Hilary took a run at it, clutching at a plant which protruded from a gap in the exposed pointing, and simultaneously setting his foot upon the plaster at the bottom of a large space where the rest of the plaster had fallen away. The consequence was instant disaster. The plant leapt from its rooting, and at the same time the plaster on which Hilary's small weight rested fell off the wall in an entire large slab, and shattered into smaller pieces among the rank grass and weeds below, where Hilary lay also.

'Hilary!' It was an authentic scream, and of authentic agony.

'It's all right, Mary.' Hilary resolutely raised himself, resolutely refused to weep. 'I'm all right. Really I am.'

She had run to him and was holding him tightly.
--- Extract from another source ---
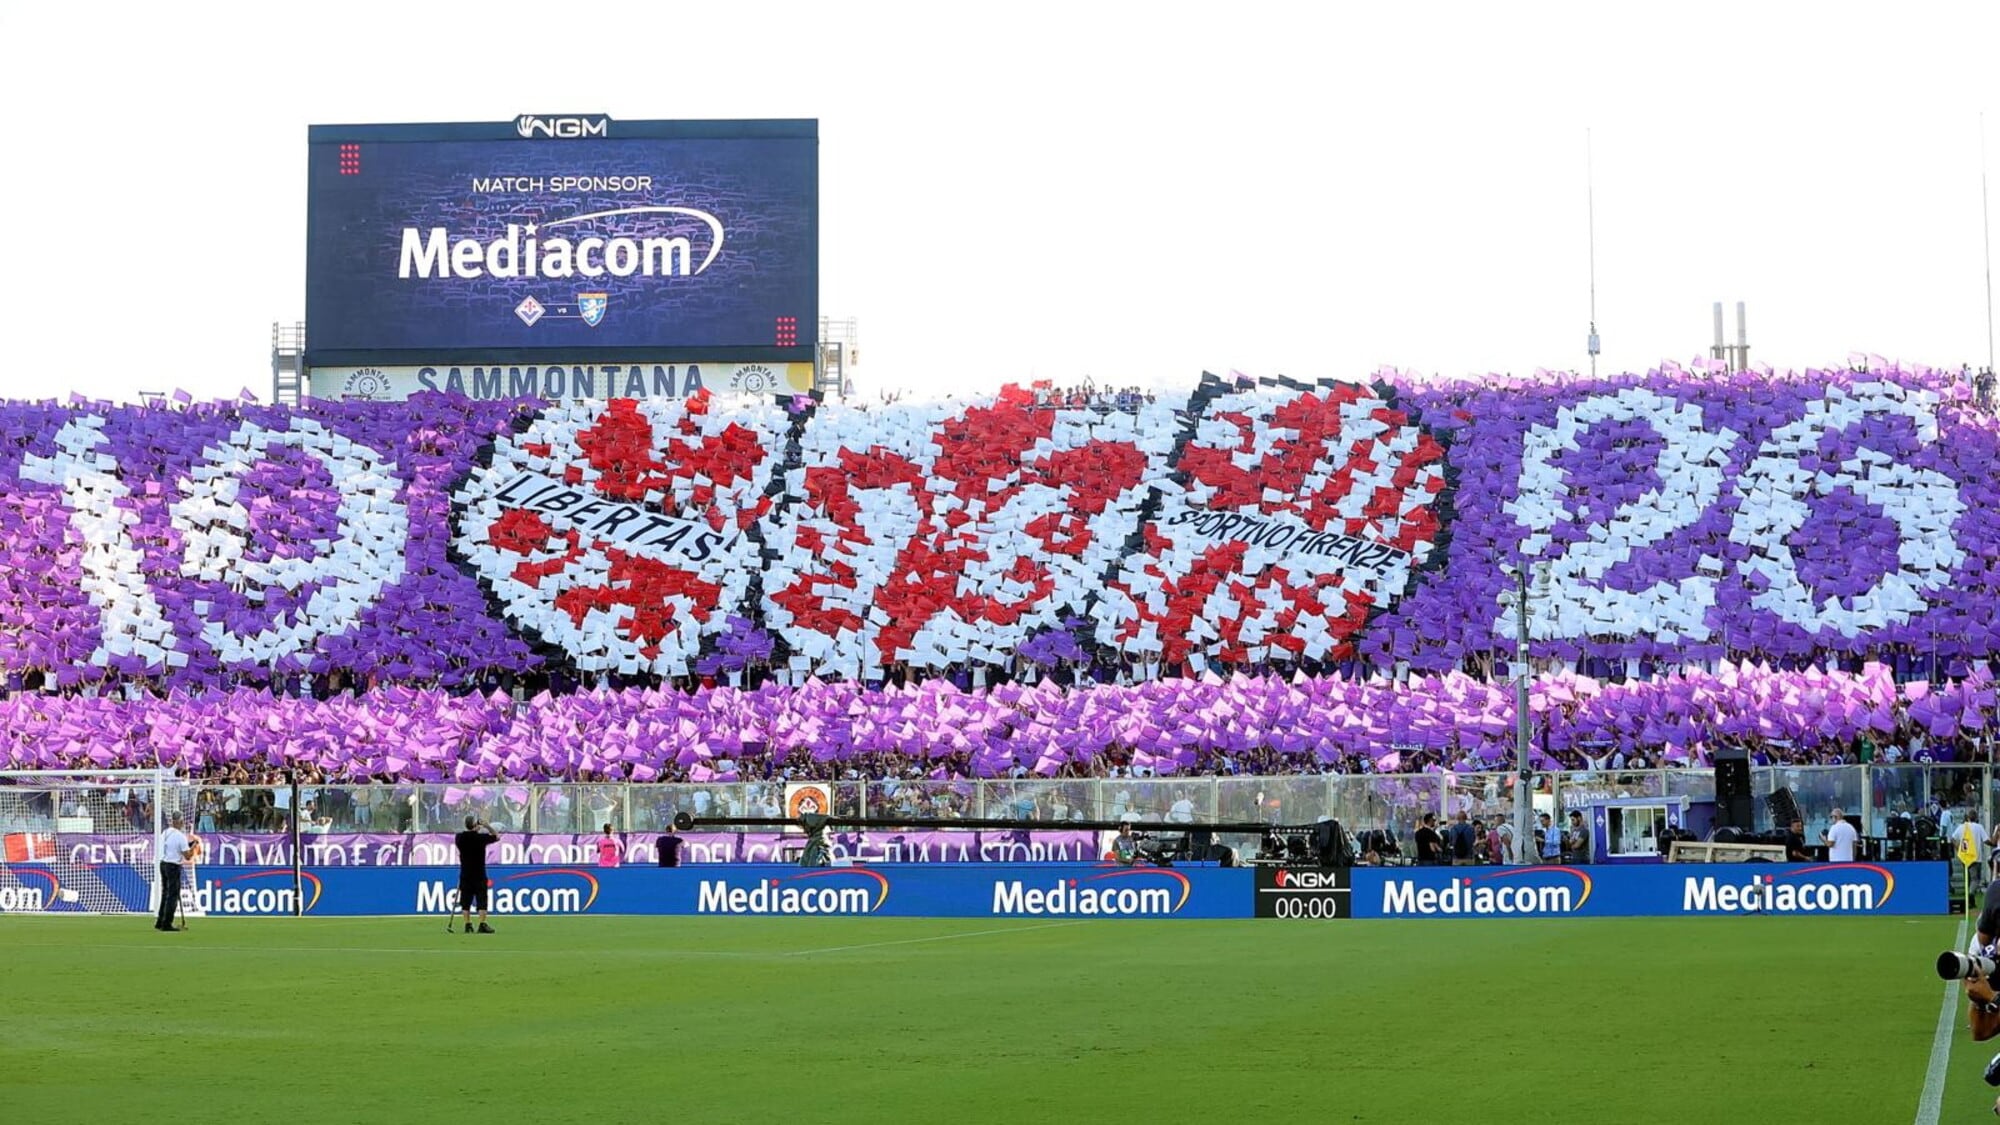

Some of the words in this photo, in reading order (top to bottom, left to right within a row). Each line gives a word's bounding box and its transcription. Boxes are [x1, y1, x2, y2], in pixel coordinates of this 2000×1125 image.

'Mary, please. I'll choke.'

Her arms fell away from him, but uncertainly.

'We'd better go home,' she said.

'No, of course not. I'm perfectly all right, I tell you. It was nothing.' But this last he did not really believe.

'It was terrible,' said Mary, with solemnity. She was wearing a skirt that day, a small-scale imitation of an adult woman's tweed skirt, and he could see her knees actually knocking together.

He put his arm round her shoulder, but, as he did so, became aware that he was shaking himself. 'Silly,' he said affectionately. 'It wasn't anything much. Let's go on.'

But she merely stood there, quivering beneath his extended arm.

There was a perceptible pause. Then she said: 'I don't like this place.'

It was most unlike her to say such a thing. He had never before known her to do so.

But always he took her seriously. 'What's the matter?' he asked. 'I am all right, you know. I truly am. You can feel me if you like.'

And then the dog started barking — if, indeed, one could call it a bark. It was more like a steady growling roar, with a clatter mixed up in it, almost certainly of gnashing teeth: altogether something more than barking, but unmistakably canine, all the same — horribly so. Detectably it came from within the domain behind the high wall.

'Hilary,' said Mary, 'let's run.'

But her unusual attitude had put Hilary on his mettle.